Believers in the Wisdom of the Asonu have followed individuals about for years, waiting for the rare words they speak, writing them down, saving them, studying them, arranging and collating them, finding arcane meanings and numerical correspondences in them, in search of the hidden message. To some, however, these utterances do not seem to be as momentous as one might expect from their rarity. They might even be described as banal.
There is no written form of the Asonu language, and translation of speech is considered to be so uncertain that translatomats aren’t issued to the tourists, most of whom don’t want them anyway. Those who wish to learn Asonu can do so only by listening to and imitating children, who by six or seven years old are already becoming unhappy when asked to talk.
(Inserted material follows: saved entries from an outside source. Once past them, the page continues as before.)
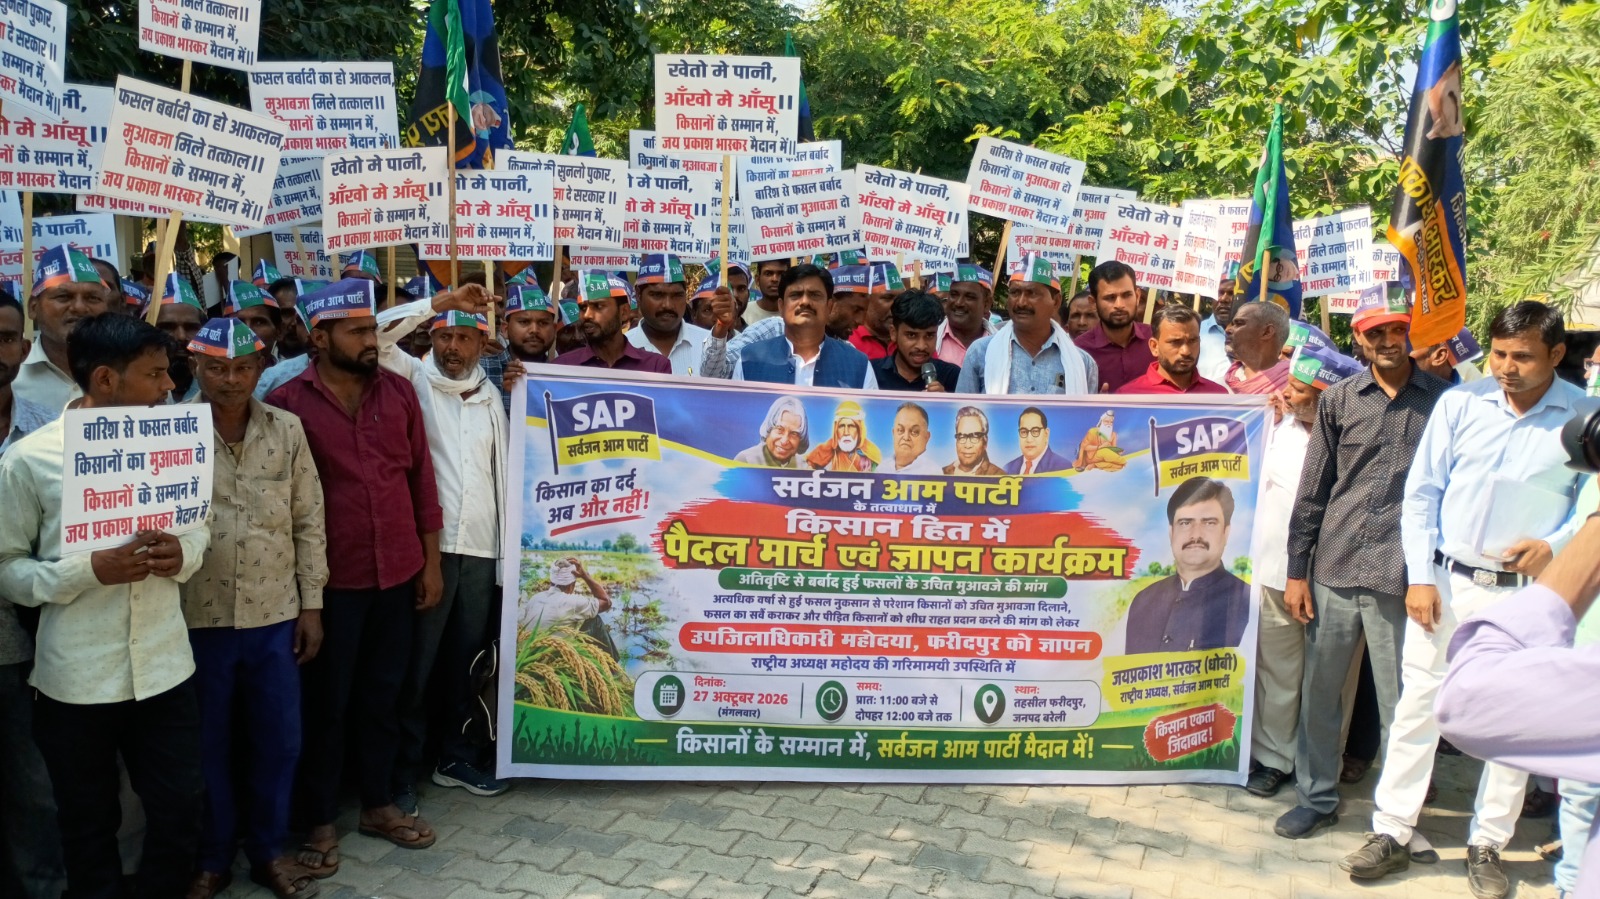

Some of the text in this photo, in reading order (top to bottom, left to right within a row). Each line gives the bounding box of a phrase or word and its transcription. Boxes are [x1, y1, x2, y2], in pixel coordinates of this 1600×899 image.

[732, 62, 777, 83] पानी,
[118, 88, 155, 112] फसल
[156, 99, 190, 122] बर्बादी
[192, 108, 212, 128] का
[213, 112, 228, 132] हो
[174, 132, 206, 158] मिले
[990, 145, 1014, 160] बारिश
[1015, 150, 1024, 162] से
[1024, 154, 1048, 170] फसल
[979, 158, 1012, 178] किसानों
[1012, 170, 1024, 181] का
[1062, 181, 1072, 194] दो
[980, 179, 1062, 210] किसानों के सम्मान में
[328, 295, 344, 306] आम
[347, 291, 364, 303] पार्टी
[83, 411, 198, 441] बारिश से फसल बर्बाद
[571, 398, 636, 432] SAP
[567, 435, 649, 457] सर्वजन आम पार्टी
[1175, 423, 1228, 455] SAP
[74, 449, 123, 476] किसानों
[126, 452, 146, 470] का
[195, 442, 206, 464] दो
[1169, 456, 1242, 479] सर्वजन आम पार्टी
[83, 476, 199, 512] किसानों के सम्मान में
[535, 468, 636, 503] किसान का दर्द
[772, 470, 1023, 506] सर्वजन आम पार्टी
[547, 488, 650, 524] अब और नहीं!
[854, 500, 867, 512] के
[926, 502, 937, 514] में
[65, 522, 88, 544] जय
[92, 516, 133, 540] प्रकाश
[176, 504, 199, 526] मैदान
[200, 500, 210, 520] में
[785, 508, 1011, 543] किसान हित में
[663, 519, 1127, 577] पैदल मार्च एवं ज्ञापन कार्यक्रम
[738, 572, 1048, 595] अतिवृष्टि से बर्बाद हुई फसलों के उचित मुआवजे की मांग
[714, 593, 1071, 614] अत्यधिक वर्षा से हुई फसल नुकसान से परेशान किसानों को उचित मुआवजा दिलाने,
[690, 628, 1092, 655] उपजिलाधिकारी महोदया, फरीदपुर को ज्ञापन
[751, 655, 1016, 673] राष्ट्रीय अध्यक्ष महोदय की गरिमामयी उपस्थिति में
[1112, 664, 1163, 686] जयप्रकाश
[1204, 652, 1237, 674] (धोबी)
[693, 691, 788, 706] 27 अक्टूबर 2026
[880, 696, 908, 705] 11:00
[911, 694, 928, 706] बजे
[930, 694, 938, 706] से
[1014, 697, 1086, 711] तहसील फरीदपुर,
[1120, 674, 1230, 704] राष्ट्रीय अध्यक्ष, सर्वजन आम पार्टी
[718, 707, 760, 720] (मंगलवार)
[855, 709, 952, 722] दोपहर 12:00 बजे तक
[1012, 712, 1066, 723] जनपद बरेली
[1155, 709, 1216, 739] किसान एकता
[676, 726, 1094, 760] किसानों के सम्मान में, सर्वजन आम पार्टी मैदान में!
Here are the Eleven Sayings of the Elder of Isu, collected over four years by a devotee from Ohio, who had already spent six years learning the language from the children of the Isu Group. Months of silence occurred between most of these statements, and two years between the fifth and sixth.
1. Not there.
2. It is almost ready [or] Be ready for it soon.
3. Unexpected!
4. It will never cease.
5. Yes.
6. When?
7. It is very good.
8. Perhaps.
9. Soon.
10. Hot! [or] Very warm!
11. It will notecase.
The devotee wove these eleven sayings into a coherent spiritual statement or testament which he understood the Elder to have been making, little by little, during the last four years of his life. The Ohio Reading of the Sayings of the Elder of Isu is as follows:
(1) What we seek is not in any object or experience of our mortal life. We live among appearances, on the verge of the Spiritual Truth. (2) We must be as ready for it as it is ready for us, for (3) it will come when we least expect it. Our perception of the Truth is sudden as a lightning flash, but (4) the Truth itself is eternal and unchanging. (5) Indeed we must positively and hopefully, in a spirit of affirmation, (6) continually ask when, when shall we find what we seek? (7) For the Truth is the medicine for our soul, the knowledge of absolute goodness. (8, 9) It may come very soon. Perhaps it is coming even now in this moment. (10) Its warmth and brightness are as those of the sun, but the sun will perish (11) and the Truth will not perish. Never will the warmth, the brightness, the goodness of the Truth cease or fail us.
Another interpretation of the Sayings may be made by referring to the circumstances in which the Elder spoke, faithfully recorded by the devotee from Ohio, whose patience was equaled only by the Elder’s:
1. Spoken in an undertone as the Elder looked through a chest of clothing and ornaments.
2. Spoken to a group of children on the morning of a ceremony.
3. Said with a laugh in greeting the Elder’s younger sister, returned from a long trip.
4. Spoken the day after the burial of the Elder’s sister.
5. Said while embracing the Elder’s brother-in-law some days after the funeral.
6. Asked of an Asonu “doctor” who was making a “spirit-body” drawing in white and black sand for the Elder. These drawings seem to be both curative and diagnostic, but we know very little about them. The observer states that the doctor’s answer was a short curving line drawn outward from the navel of the spirit-body figure. This, however, may be only the observer’s reading of what was not an answer at all.
7. Said to a child who had woven a reed mat.
8. Spoken in answer to a young grandchild who asked, “Will you be at the big feast, Grandmother?”